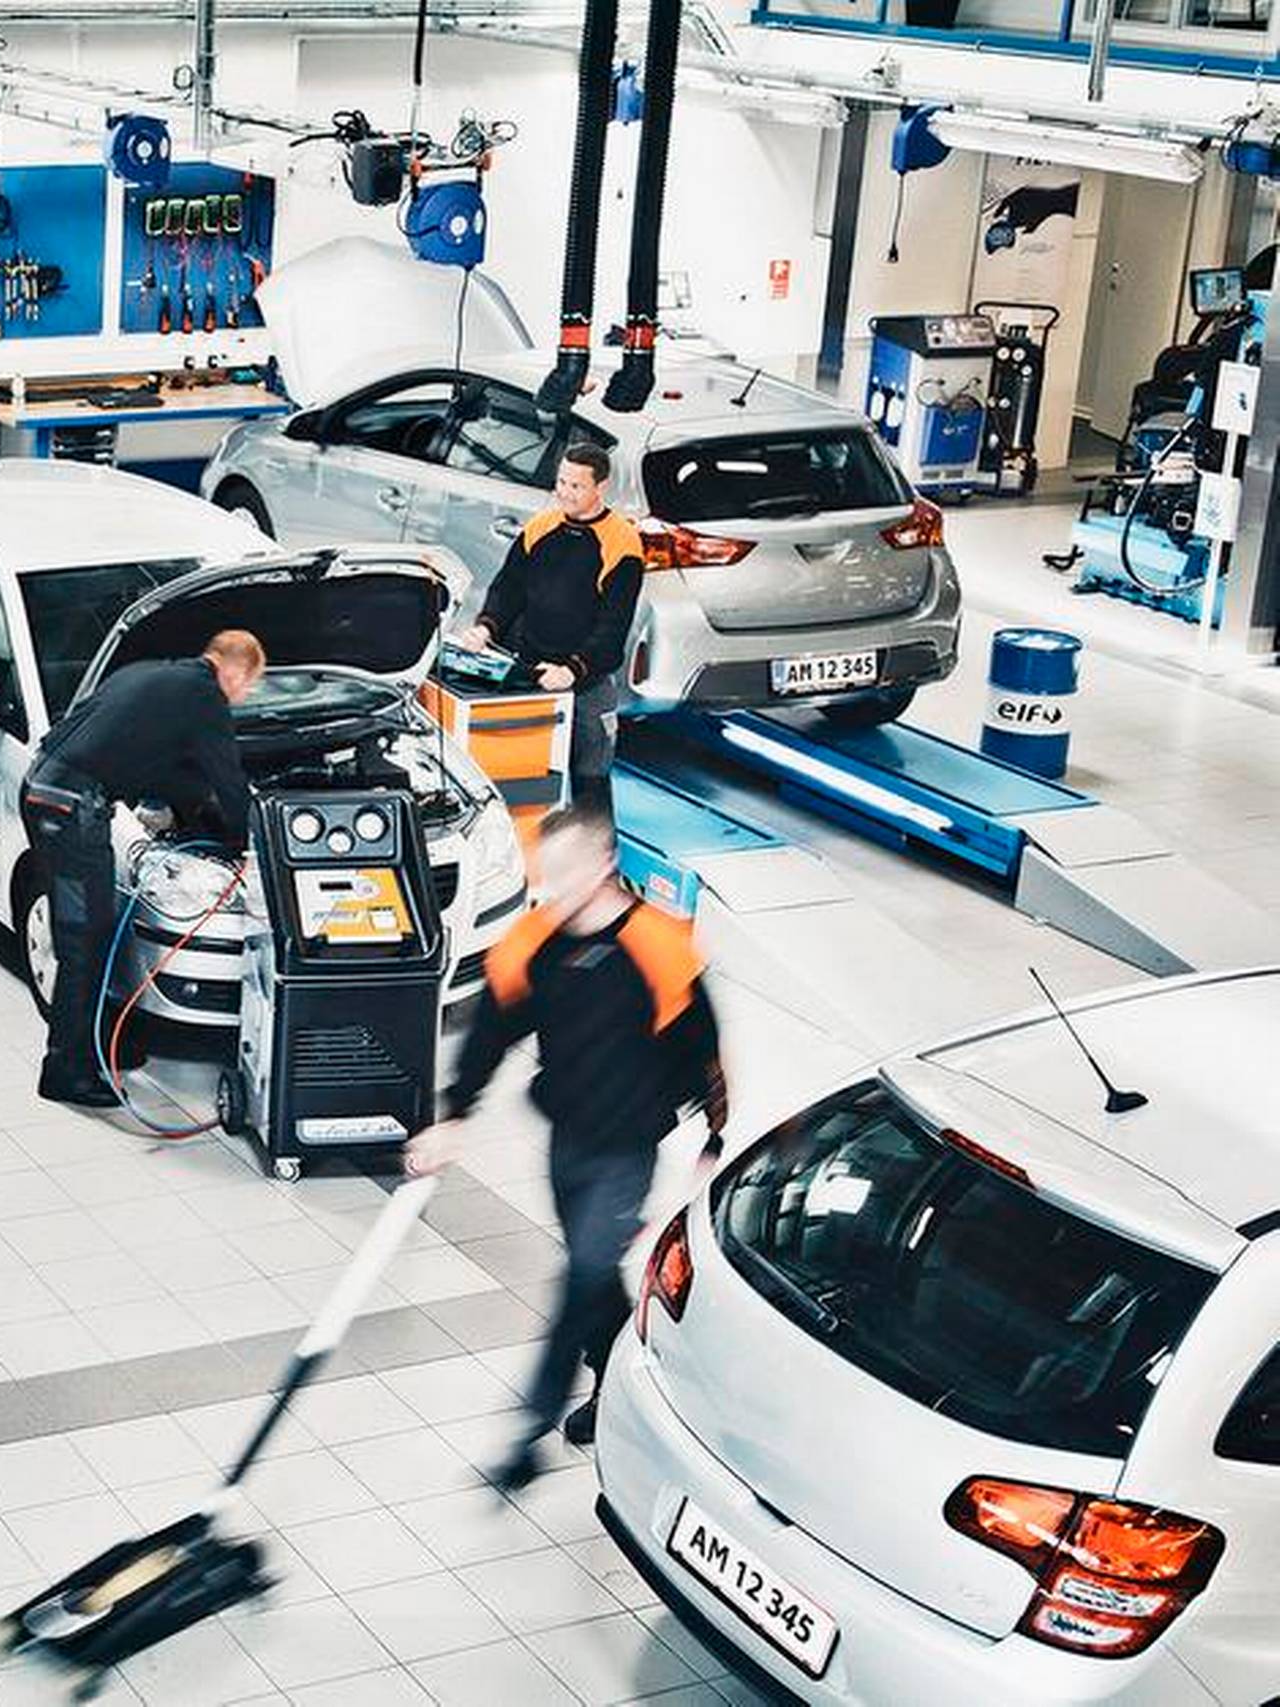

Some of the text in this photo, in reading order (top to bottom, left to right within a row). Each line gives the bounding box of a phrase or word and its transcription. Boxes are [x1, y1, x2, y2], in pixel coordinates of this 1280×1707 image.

[788, 656, 873, 682] AM 12 345
[998, 702, 1042, 721] elf
[689, 1525, 815, 1644] AM 12 345
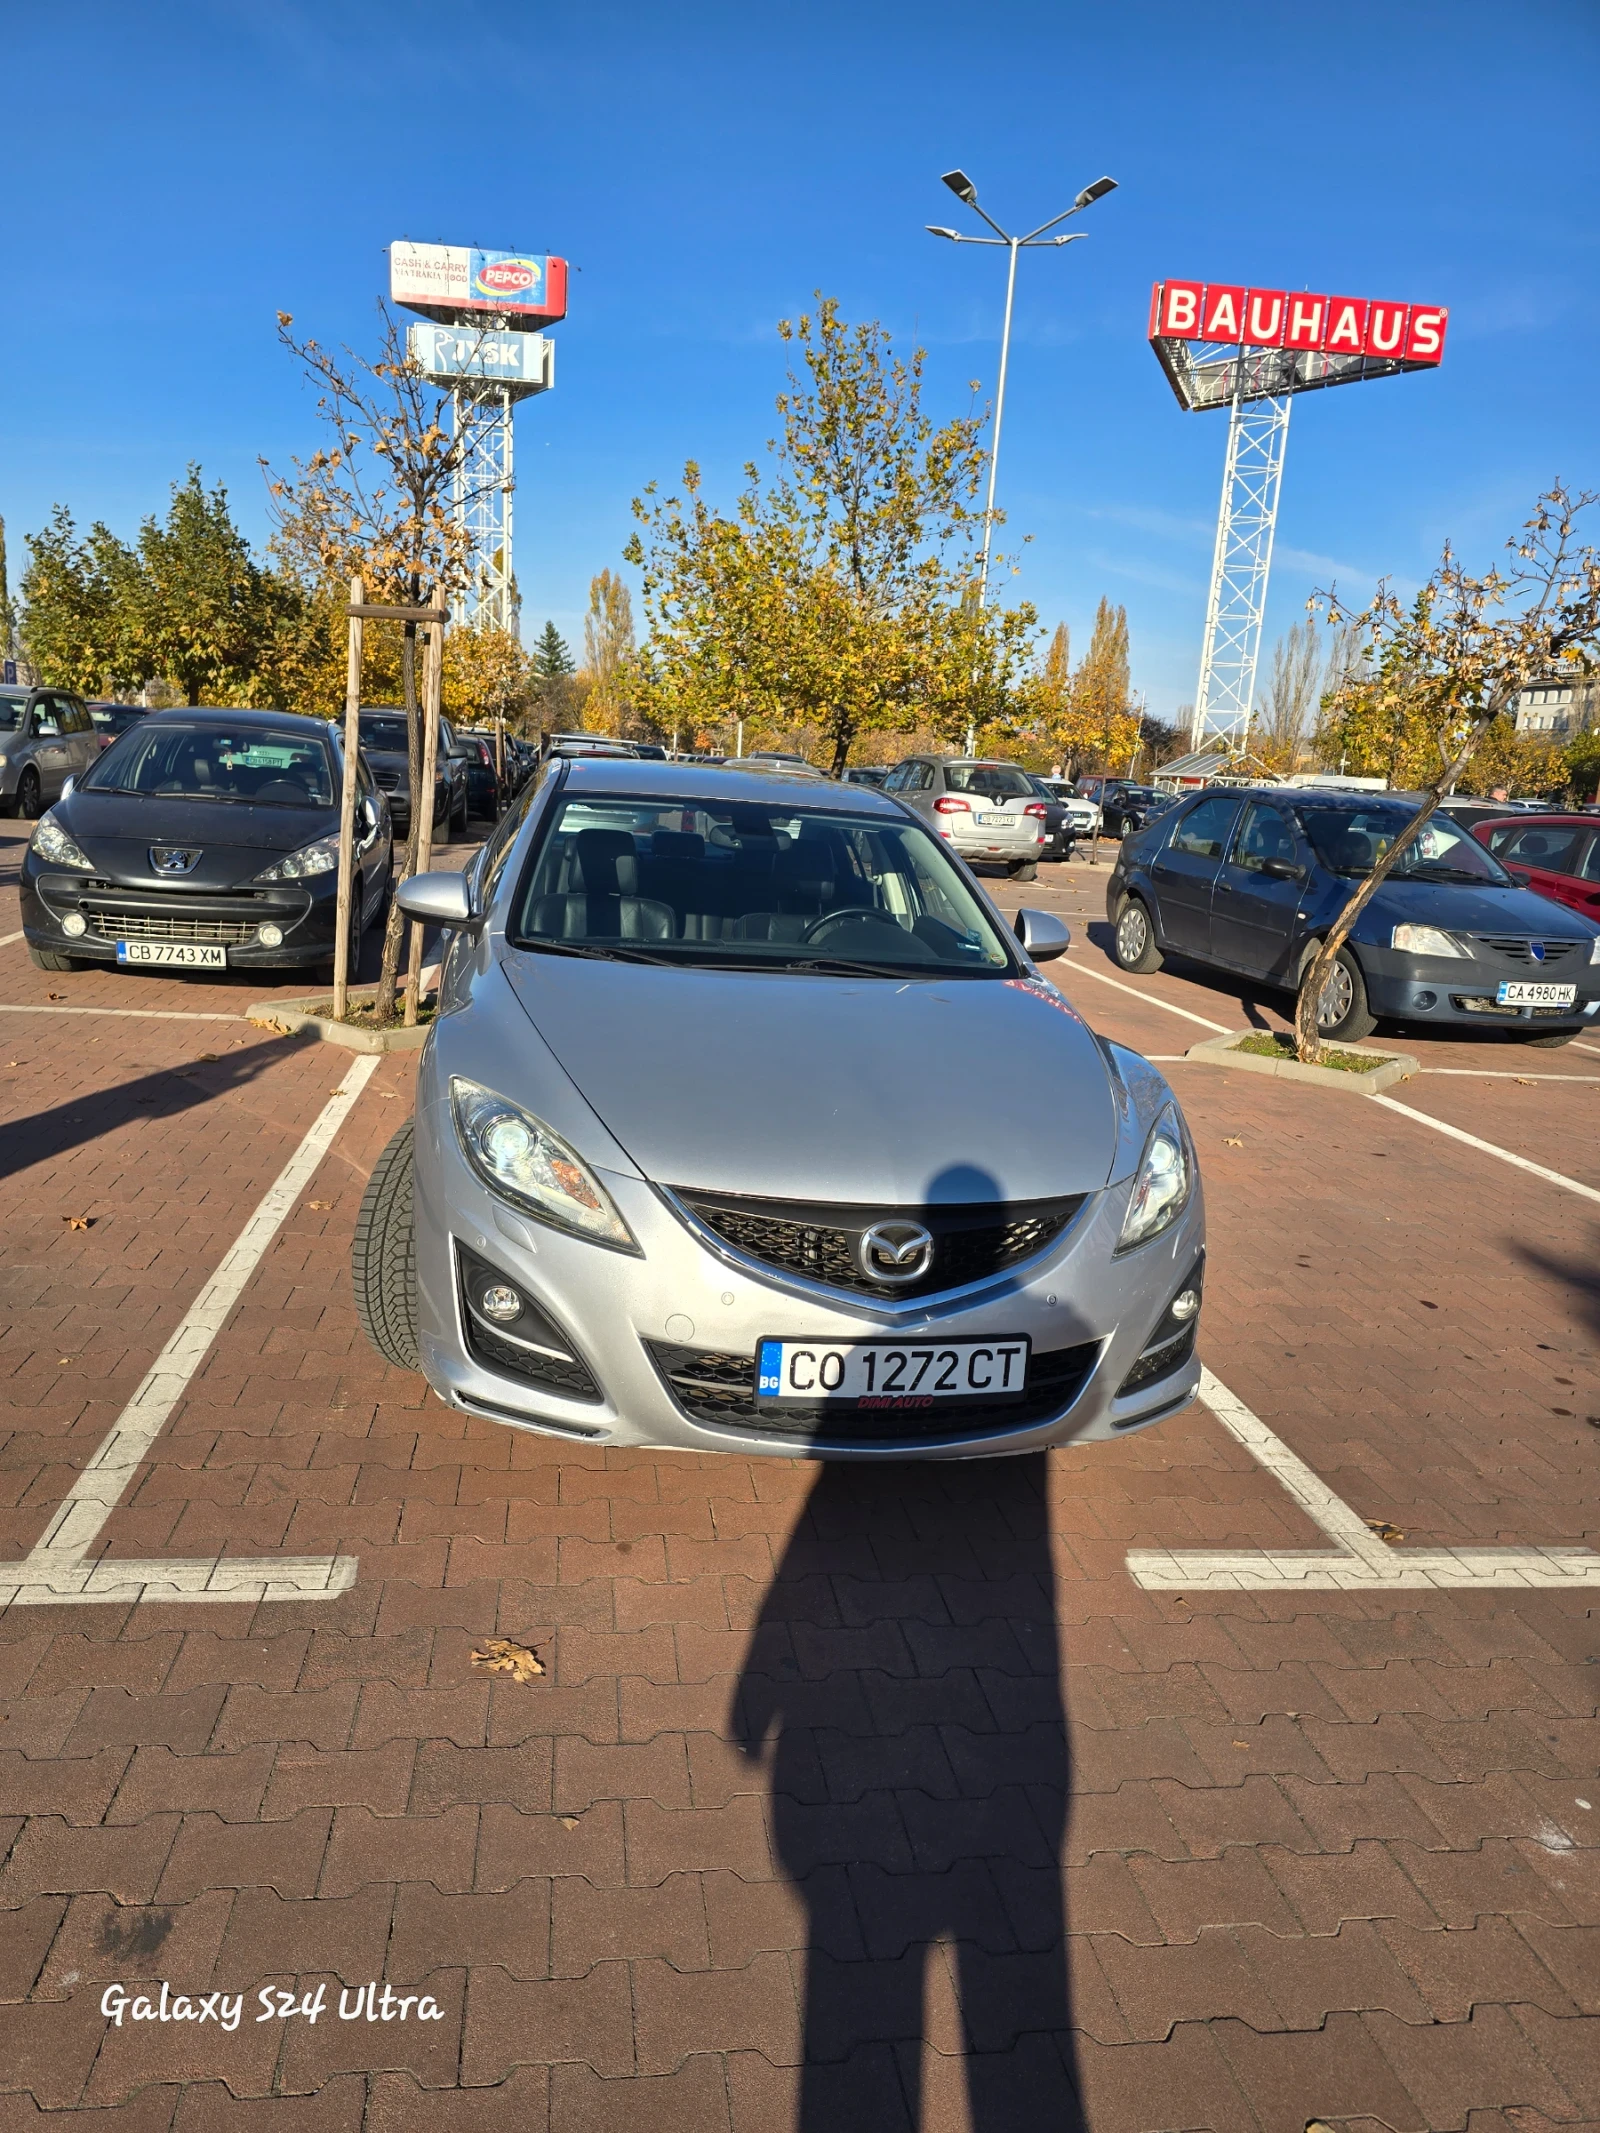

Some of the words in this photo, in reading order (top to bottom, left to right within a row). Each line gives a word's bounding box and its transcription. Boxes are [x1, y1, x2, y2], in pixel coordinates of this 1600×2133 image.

[394, 257, 421, 268] CASH
[434, 261, 467, 273] CARRY
[486, 269, 531, 286] PEPCO
[452, 340, 520, 367] JYSK
[129, 945, 151, 960] CB
[154, 946, 196, 963] 7743
[200, 948, 222, 964] XM
[1507, 985, 1524, 1000] CA
[1527, 985, 1557, 1001] 4980
[1558, 986, 1573, 1001] HK
[760, 1375, 779, 1389] BG
[790, 1350, 845, 1391] CO
[862, 1350, 958, 1392] 1272
[967, 1347, 1021, 1389] CT
[857, 1396, 892, 1409] DIMI
[892, 1396, 934, 1409] AUTO

== == ==

**YOUR GOAL**
Return the material above in exact form. Pictures stay out.

**RESPONSE BELOW**
Some of the text in this photo, in reading order (top to bottom, left to right within a row). Each line gives the bounding box of a phrase or word and its transcription. Boxes are [x1, y1, x2, y2], in pixel coordinates of this 1280×1707 image.

[788, 656, 873, 682] AM 12 345
[998, 702, 1042, 721] elf
[689, 1525, 815, 1644] AM 12 345

Some of the words in this photo, in reading order (top to bottom, left to right within a row). Each line gives a word's bounding box and its transcription. Boxes are [x1, y1, x2, y2], in pixel coordinates of this 1600×2133 image.

[394, 257, 421, 268] CASH
[434, 261, 467, 273] CARRY
[486, 269, 531, 286] PEPCO
[452, 340, 520, 367] JYSK
[129, 945, 151, 960] CB
[154, 946, 196, 963] 7743
[200, 948, 222, 964] XM
[1507, 985, 1524, 1000] CA
[1527, 985, 1557, 1001] 4980
[1558, 986, 1573, 1001] HK
[760, 1375, 779, 1389] BG
[790, 1350, 845, 1391] CO
[862, 1350, 958, 1392] 1272
[967, 1347, 1021, 1389] CT
[857, 1396, 892, 1409] DIMI
[892, 1396, 934, 1409] AUTO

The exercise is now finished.